Saturday morning Frankie and I went on the Big Walk knowing that the afternoon would be increasing clouds, rain and decreasing temperatures. By 2:00 p.m. Frankie was spending his time indoors. I figured the Big Walk would satisfy his restlessness and he would settle indoors for the afternoon.

So I thought.

Our neighbor was mowing so Greg and I missed the BIG CRASH. Luckily I had headed downstairs for a Frankie-check before going on an errand.

I walk into the gecko room and find Frankie tangled up in the middle of a fallen metal terrarium stand with electric wires, basking lights, and fluorescent fixtures twisted around him like a child's game of "tie up the babysitter." Frankie has dragged this twisted rubble of metal, wires and lights about ten feet from its original position.

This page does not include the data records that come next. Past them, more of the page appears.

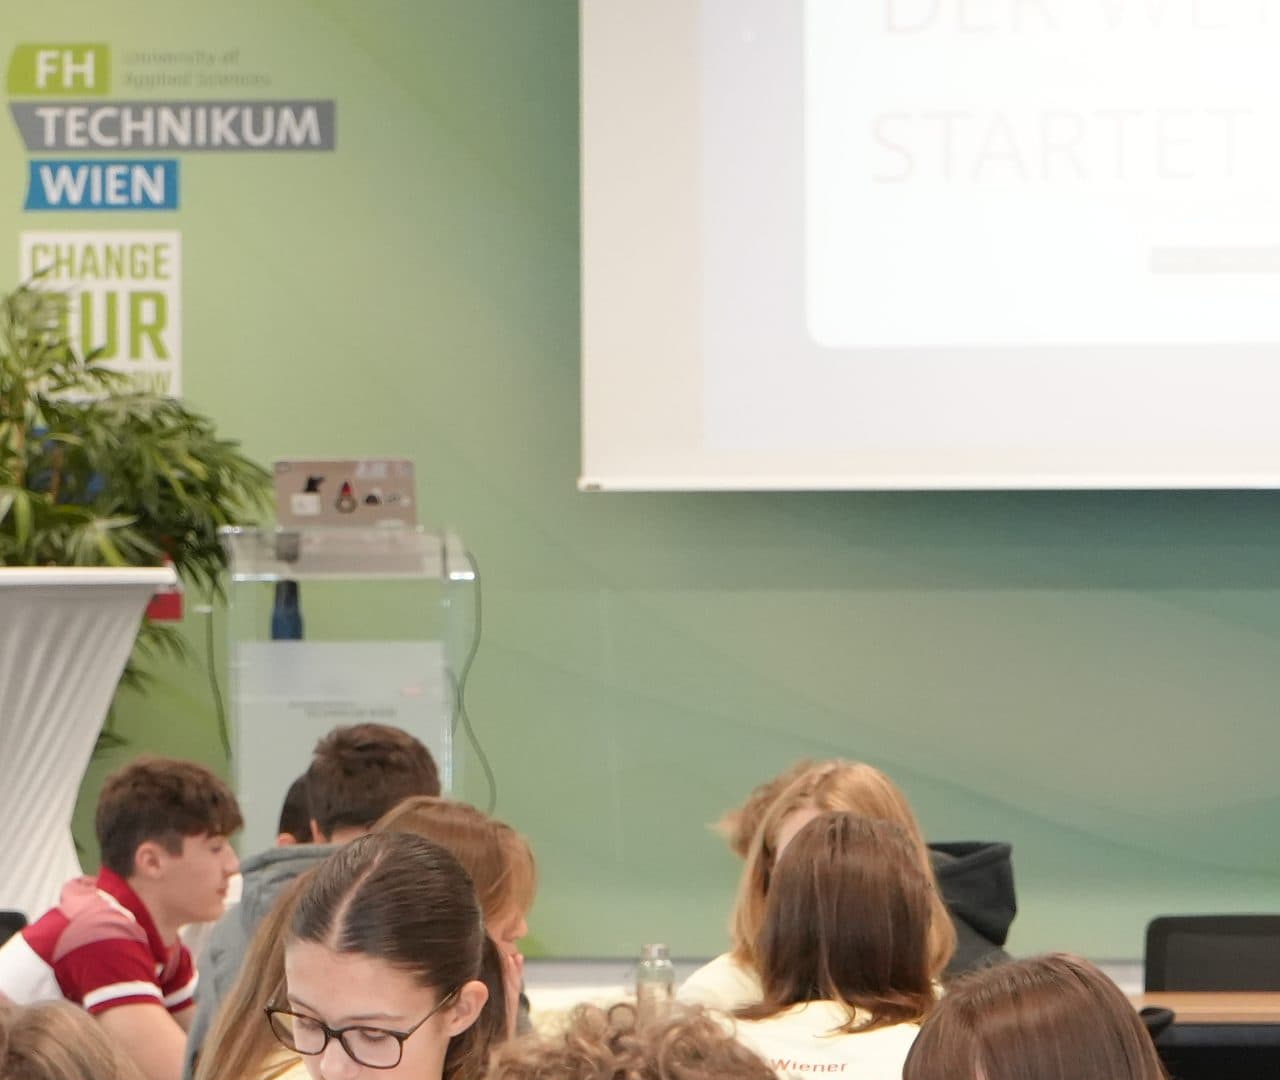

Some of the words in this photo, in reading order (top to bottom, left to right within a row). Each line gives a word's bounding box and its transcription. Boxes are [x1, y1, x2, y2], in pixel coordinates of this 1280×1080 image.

[35, 50, 95, 88] FH
[37, 107, 321, 147] TECHNIKUM
[870, 108, 1255, 184] STARTET
[39, 165, 165, 204] WIEN
[31, 244, 171, 280] CHANGE
[771, 1058, 848, 1073] Wiener

Then horrible reality hit me that that THIS metal stand and all those electrics once stood against the wall with a glass enclosure filled with geckos. Stepping over the struggling Frankie frantic to undo himself, I see not one, not two, not three but four glass aquariums that once sat upright on stands and filled with geckos all over the floor in various states of destruction. In some broken enclosures I can see geckos frantically trapped amidst tossed branches, bamboo and substrate. I wonder what the death count will be.

I scream as loud as I can, "GRRREEEEEEEEEEEEEEEGGGG!" It is a distinctive emergency cry clear as a fire engine driving to a burning house. Temporarily stunned, I am not even sure where to start amidst this disaster.

Greg arrives and Frankie gets first attention lest he drag his iron foe across the gecko room and take down any more shelves or enclosures.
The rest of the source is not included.